Le sel absorbait l’humidité.

 

C’était pour cette raison, lui avait-on expliqué, que la pyramide bâtie à l’orée nord de la Mer de Sel était faite d’immenses bloc blancs et salés. Ainsi aucune goutte d’eau ne pouvait demeurer à l’intérieur. Ni ne pouvait seulement y exister. La pyramide était sécheresse. Sécheresse et fournaise, et rien d’autre.

Elle entra sur la pointe des pieds. Personne. Rien. Avant d’aller plus loin, elle s’appuya sur la paroi rappeuse du vestibule. Dehors, tout était d’un blanc insultant. Sous cette architecture de sel, l’ombre était la bienvenue. Elle filtrait des parois épaisses et grésillantes et nimbait l’espace d’un gris rosé mystique.

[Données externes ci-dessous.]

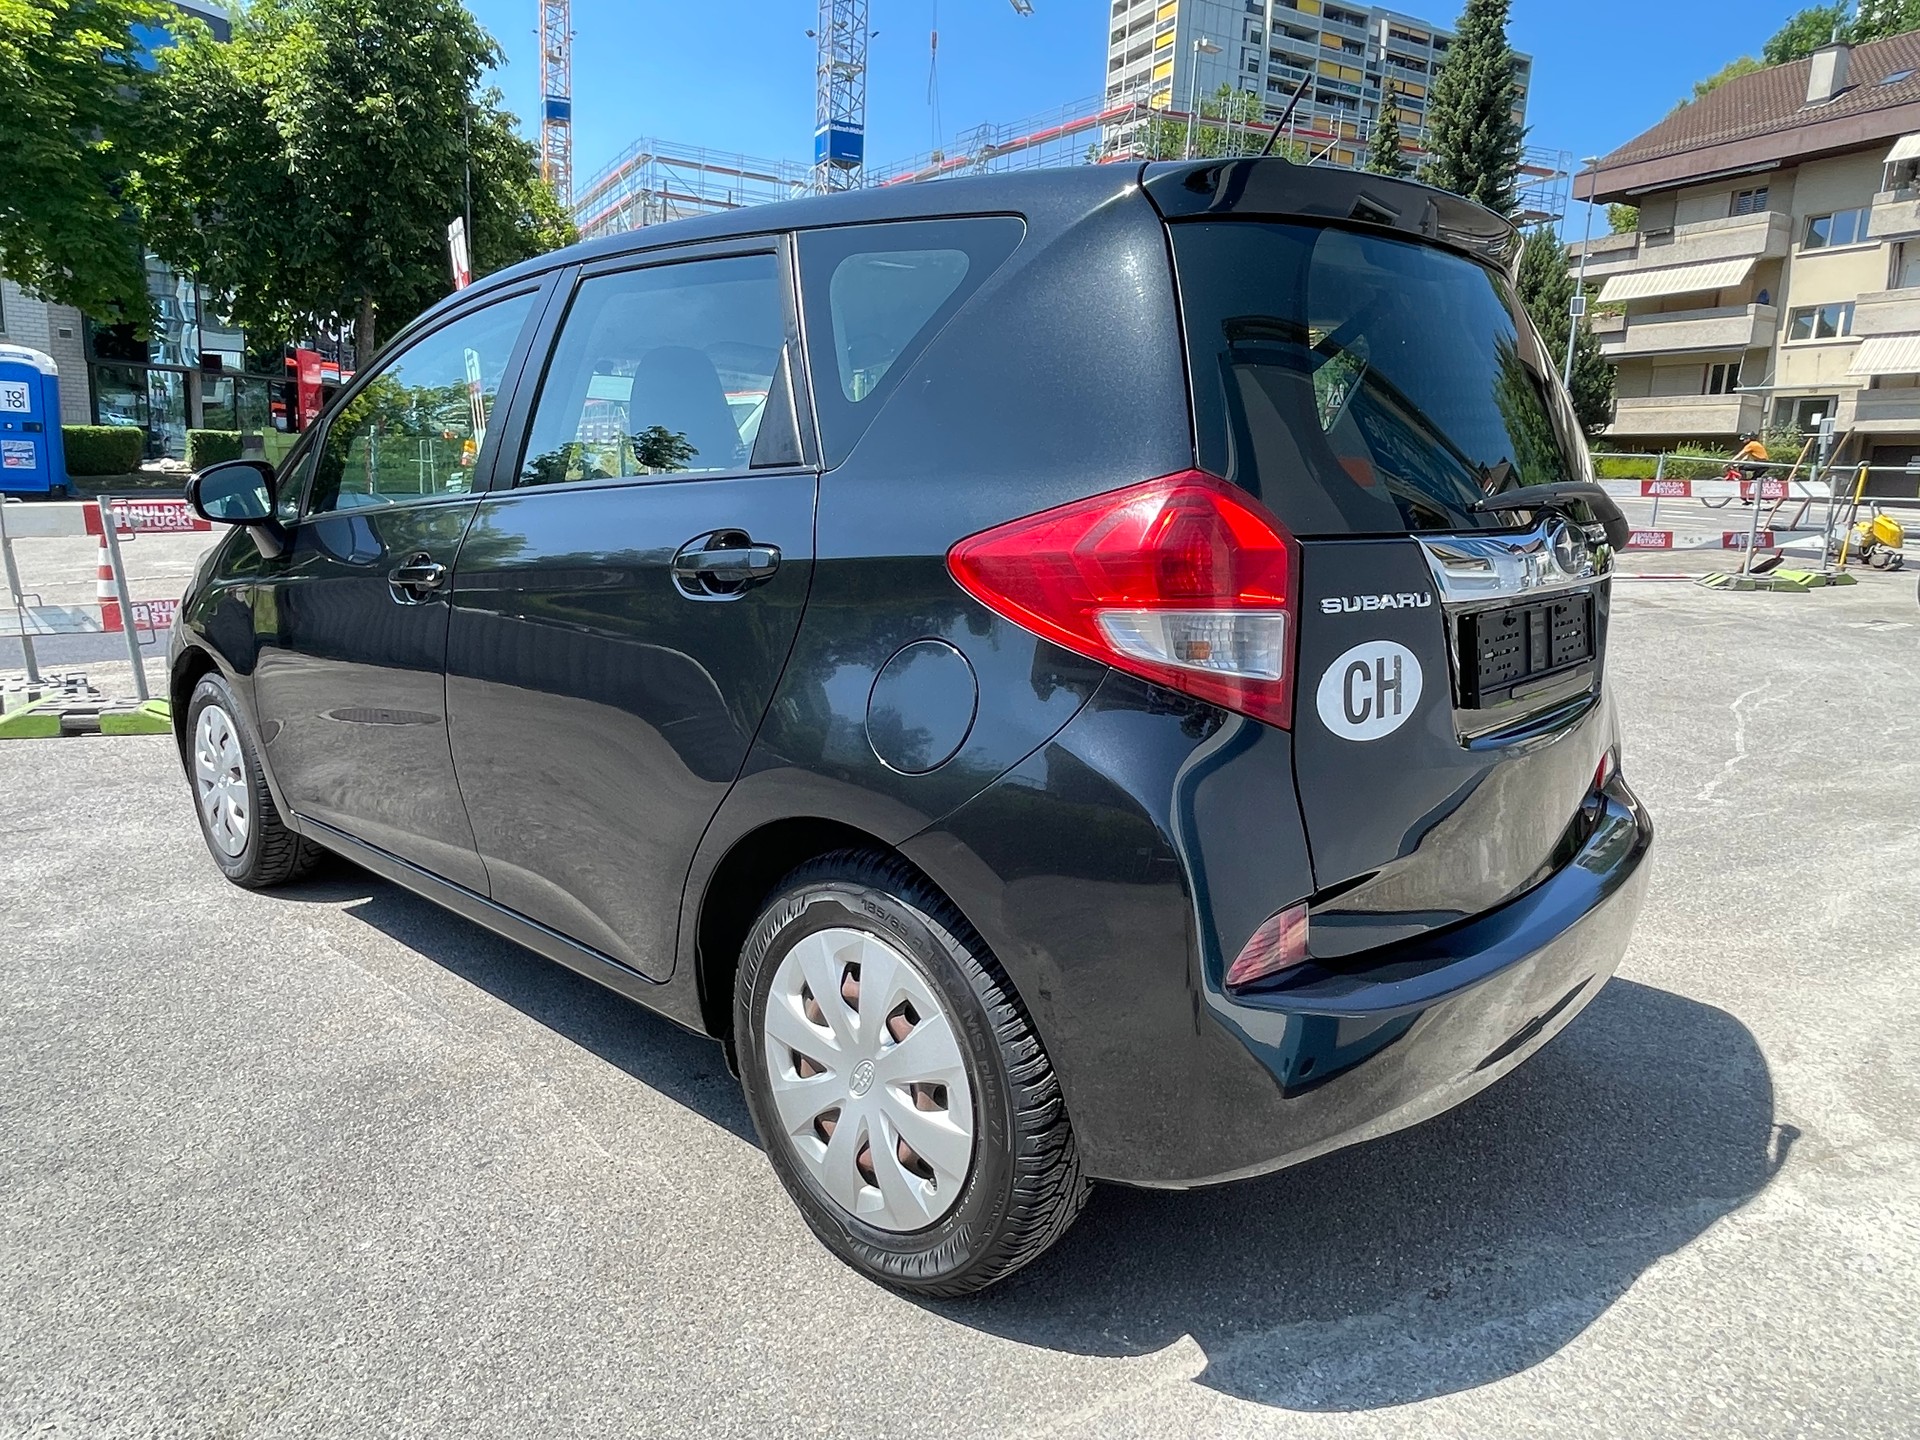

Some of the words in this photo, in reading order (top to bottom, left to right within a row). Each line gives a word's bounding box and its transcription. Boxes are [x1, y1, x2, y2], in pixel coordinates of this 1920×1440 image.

[5, 399, 26, 409] TOI
[142, 515, 195, 527] TUCKI
[1320, 592, 1432, 614] SUBARU
[1343, 654, 1402, 725] CH
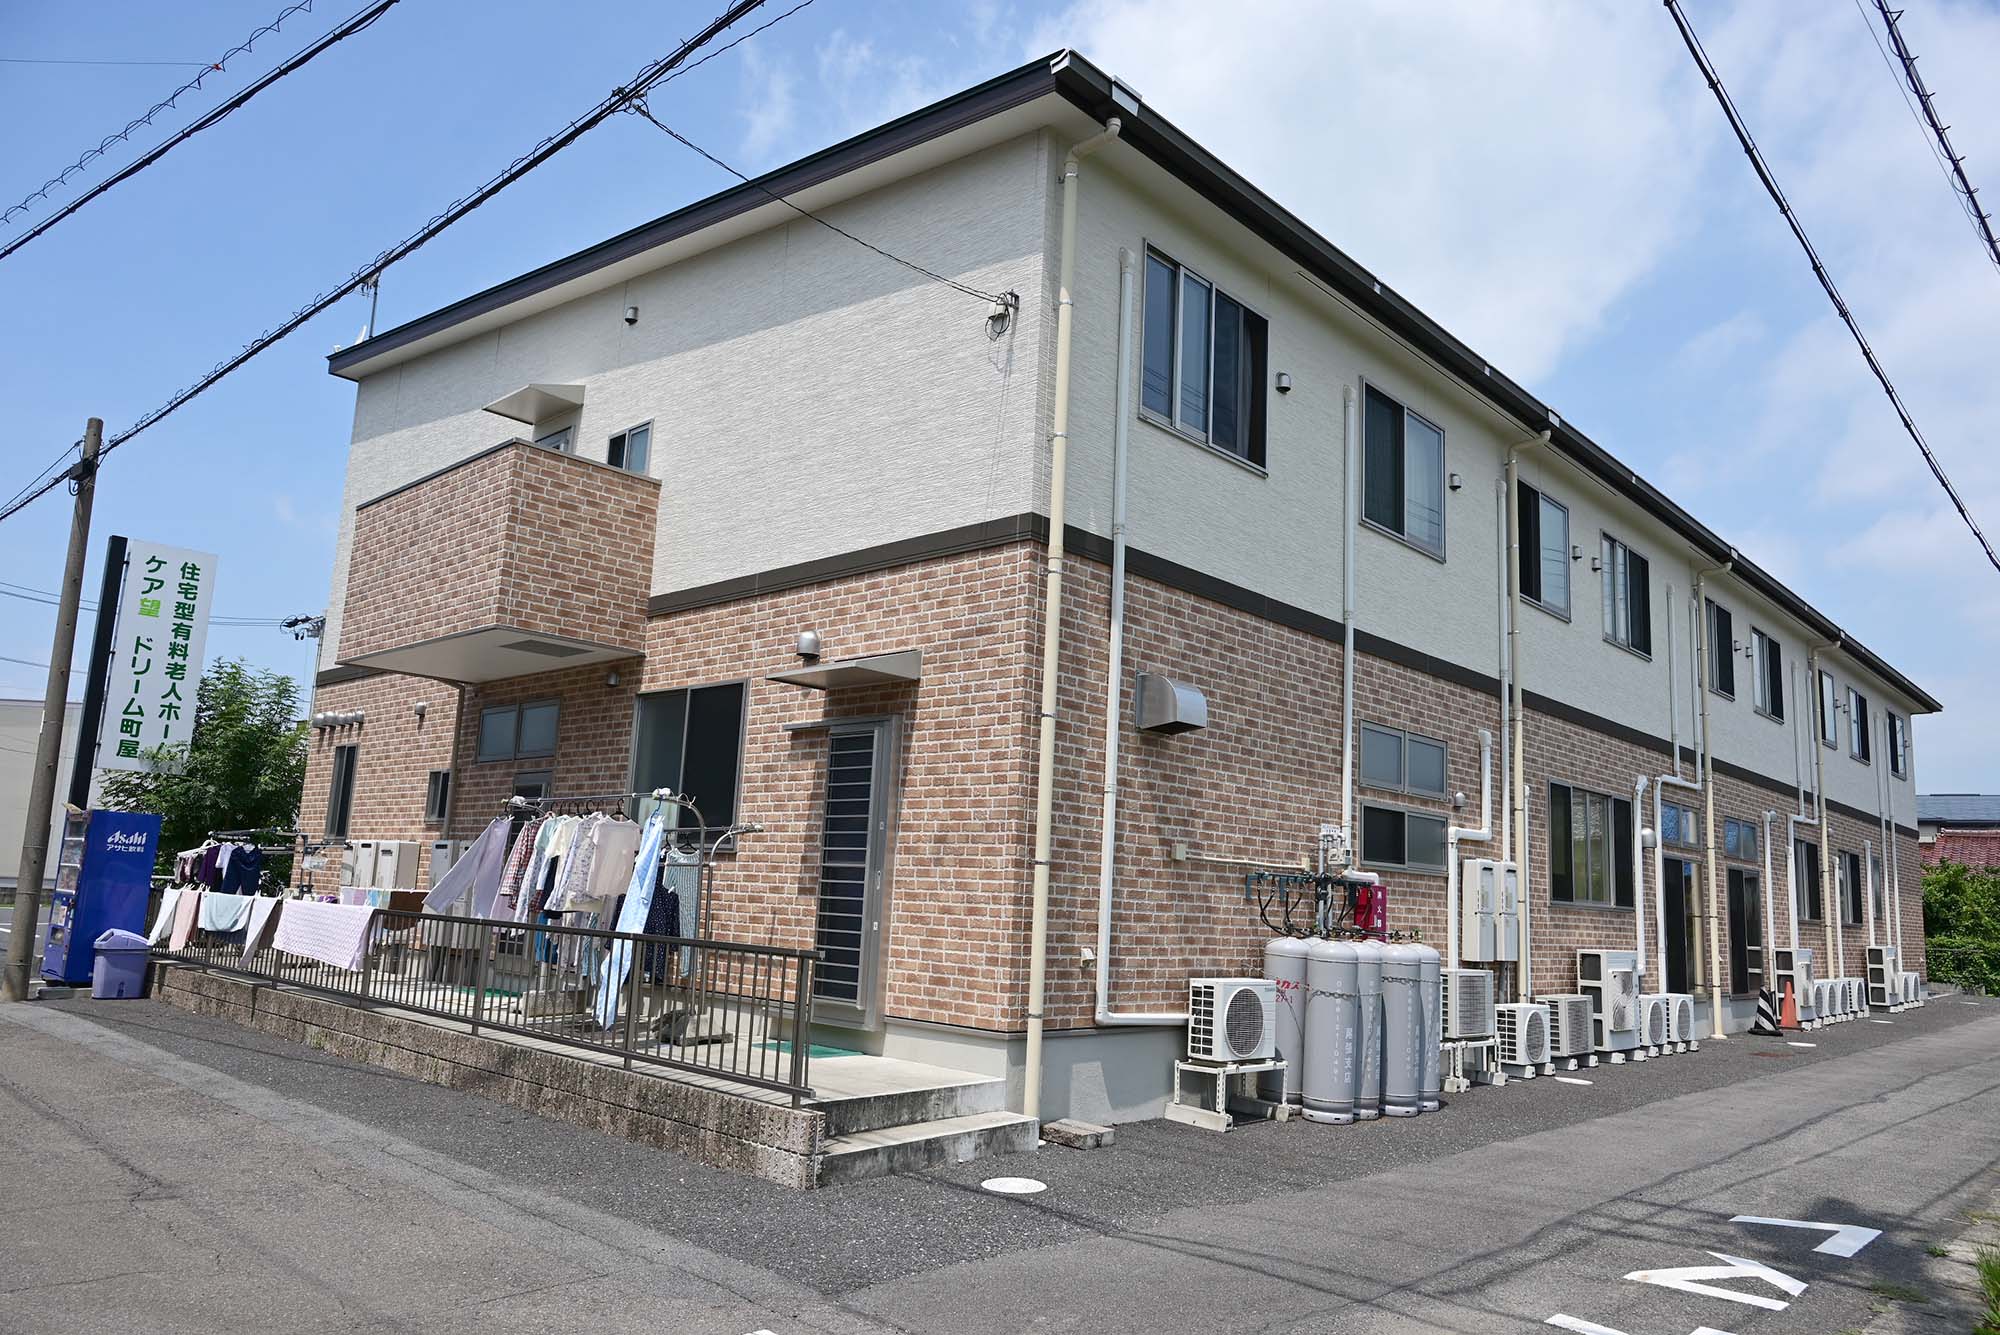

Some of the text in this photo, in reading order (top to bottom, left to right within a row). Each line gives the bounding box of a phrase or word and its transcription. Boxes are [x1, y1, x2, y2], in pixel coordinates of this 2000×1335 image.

Elle aurait tant voulu s’asseoir pour de bon dans cette petite entrée nue et sombre. Fermer les yeux. Dormir. La chaleur extérieure n’était rien comparée à celle de ses muscles meurtris. Il lui restait peut être un brin de marche. Rien en comparaison des miles qu’elle avait déjà engloutis. Mais ces derniers pas lui paraissaient infaisables. Chaque fibre de sa chair lui hurlait « Arrête toi. Par pitié. »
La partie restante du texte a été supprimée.